By Zach Hagadone
Reader Staff
When Netflix hits me with a show descriptor containing words like “deadpan” and “cynical,” count me in. I’m a slave to the algorithm like all of us. The “Netflix comedy event” titled Death to 2020 delivers on every blackhearted front. To wit, I laughed like a loon in bitter tones that drew my family into my benighted home office several times, just to be sure I wasn’t having a stroke. Not yet… not yet.
This is a mockumentary, but we may have finally reached post-post-modernism, in so far as mockumentary is better than documentary. In our “post-truth” era, this fake-truth carnival of temporal horrors has all the “truthiness,” as Stephen Colbert famously put it back in the G.W. Bush regime, of, well, truth itself.
Samuel L. Jackson, portraying a fictional journalist, serves as one of the key talking heads around which the show revolves. From the outset, he questions, rightly, the purpose of such a retrospective enterprise of 2020; the “year so momentous they named it twice,” as narrator Laurence Fishburne puts it.
“Why in the fuck would you want to do that?” Jackson asks.
Why indeed?
The pervading mood of this hour-plus-long chronicle of human wreckage, stupidity, mendacity and cupidity is weariness, tinged with sublimated rage and a giddy kind of absurdity. It’s “the definitive story of the most historic year in history,” Fishburne intones as Jackson kicks off the chronicle of pain, starting with the 2020 meeting of world leaders at Davos, Switzerland — the “Coachella for billionaires,” he says, keynoted by Greta Thunberg, a “teenage girl who’s famous even though everything she says is depressing.”
Other pop culture moments are brought up, laughed at, and set back down — such as Prince Harry and Megan Marckle moving to the U.S. to escape prejudice (because, America is a place “where race has never been an issue at all,” Fishburne states flatly) — but the vast majority of Death to 2020 turns on the COVID-19 pandemic, the 2020 election and the messy götterdämmerung of the Trump administration.
Teeing off on the presidential race, Fishburne’s narrator set the stage for the election bringing together such contenders as “president and experimental pigman Donald Trump,” “prehistoric concierge” and “Civil War hero” Joe Biden, and “anarchist grandpa” Bernie Sanders.

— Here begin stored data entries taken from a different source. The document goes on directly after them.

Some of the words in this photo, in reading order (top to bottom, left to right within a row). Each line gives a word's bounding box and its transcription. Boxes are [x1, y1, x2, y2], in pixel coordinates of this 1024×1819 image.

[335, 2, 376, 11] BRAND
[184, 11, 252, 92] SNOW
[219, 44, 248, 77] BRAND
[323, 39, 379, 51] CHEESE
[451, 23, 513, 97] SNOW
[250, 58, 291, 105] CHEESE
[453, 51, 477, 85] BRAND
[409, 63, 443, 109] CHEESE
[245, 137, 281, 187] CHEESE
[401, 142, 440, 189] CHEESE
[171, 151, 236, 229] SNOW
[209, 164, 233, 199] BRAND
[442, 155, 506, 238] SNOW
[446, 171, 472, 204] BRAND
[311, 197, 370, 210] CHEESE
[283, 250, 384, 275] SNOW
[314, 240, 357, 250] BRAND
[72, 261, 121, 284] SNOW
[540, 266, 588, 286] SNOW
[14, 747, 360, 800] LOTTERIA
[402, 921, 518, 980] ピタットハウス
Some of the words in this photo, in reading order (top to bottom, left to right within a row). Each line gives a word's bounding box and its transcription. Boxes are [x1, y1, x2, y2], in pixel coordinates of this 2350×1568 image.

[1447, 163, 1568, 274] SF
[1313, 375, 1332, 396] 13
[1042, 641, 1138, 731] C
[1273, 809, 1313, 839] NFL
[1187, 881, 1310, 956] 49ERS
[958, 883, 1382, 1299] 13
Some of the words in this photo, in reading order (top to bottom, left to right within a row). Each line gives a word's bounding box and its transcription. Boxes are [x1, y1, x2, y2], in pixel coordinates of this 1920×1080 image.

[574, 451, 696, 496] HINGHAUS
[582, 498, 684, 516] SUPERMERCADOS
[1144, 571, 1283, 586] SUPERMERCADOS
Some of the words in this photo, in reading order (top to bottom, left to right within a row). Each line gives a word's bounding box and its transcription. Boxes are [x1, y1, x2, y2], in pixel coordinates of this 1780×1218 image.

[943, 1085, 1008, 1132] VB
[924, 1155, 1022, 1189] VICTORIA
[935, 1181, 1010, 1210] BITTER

Kitted up with tweeds, tortoiseshell glasses and a unkempt, wispy “mad professor” hair, Hugh Grant’s historian character, “Tennyson Foss,” says in offhanded fashion, “Polarization is the problem of our age, and not just in America, in the actual world, too.”
Meanwhile, Leslie Jones, as a psychologist who spends the entire show sitting at a bar with a glass of whiskey in hand, puts a finer point on the American mood, with “shit-nose extremists” and their “clown house reality” on the right vs. “whiny wokelords” who cancel each other for “daring to take a dump at the wrong time of day.”
All this polarization feeds into the paralytic response to COVID-19, which “even as it inches towards them, millions persist in going about their every day lives,” Fishburne says with a note of tired disbelief.
Referring to COVID-19 denial and disbelief, Jones’ psychologist sums up the central factor: “We’re fucking imbeciles.”
Alongside Jackson, Grant and Jones, we spend some time with Queen Elizabeth II (played wonderfully by Tracy Ullman), a suburban soccer mom who doesn’t seem to be aware that she’s been radicalized as a white nationalist, a brilliant scientist whose nuanced explanations of COVID-19 are ignored by the filmmakers themselves, an insufferable social media influencer who has leveraged all the crises of the year to benefit his brand, a shady billionaire who also has profited off the human misery of 2020 and a Kellyanne Conway-esque White House spox (Lisa Kudrow) whose gaslighting is positively blinding.
Joking about the awfulness of 2020 does get old, and will only get more hackneyed as we sail on into 2021; even these comedians — some of the finest in a generation — couldn’t get past the seriousness of some of the gags they were running. The George Flloyd protests and Black Lives Matter marked moments of seriousness and genuine pain in Death to 2020. Likewise, the mounting rage at the Trump administration’s assault on democracy following the election felt all too real.
Regardless, it’s a laugh-out-loud retrospective that gleefully hammers all the final nails in the year’s coffin.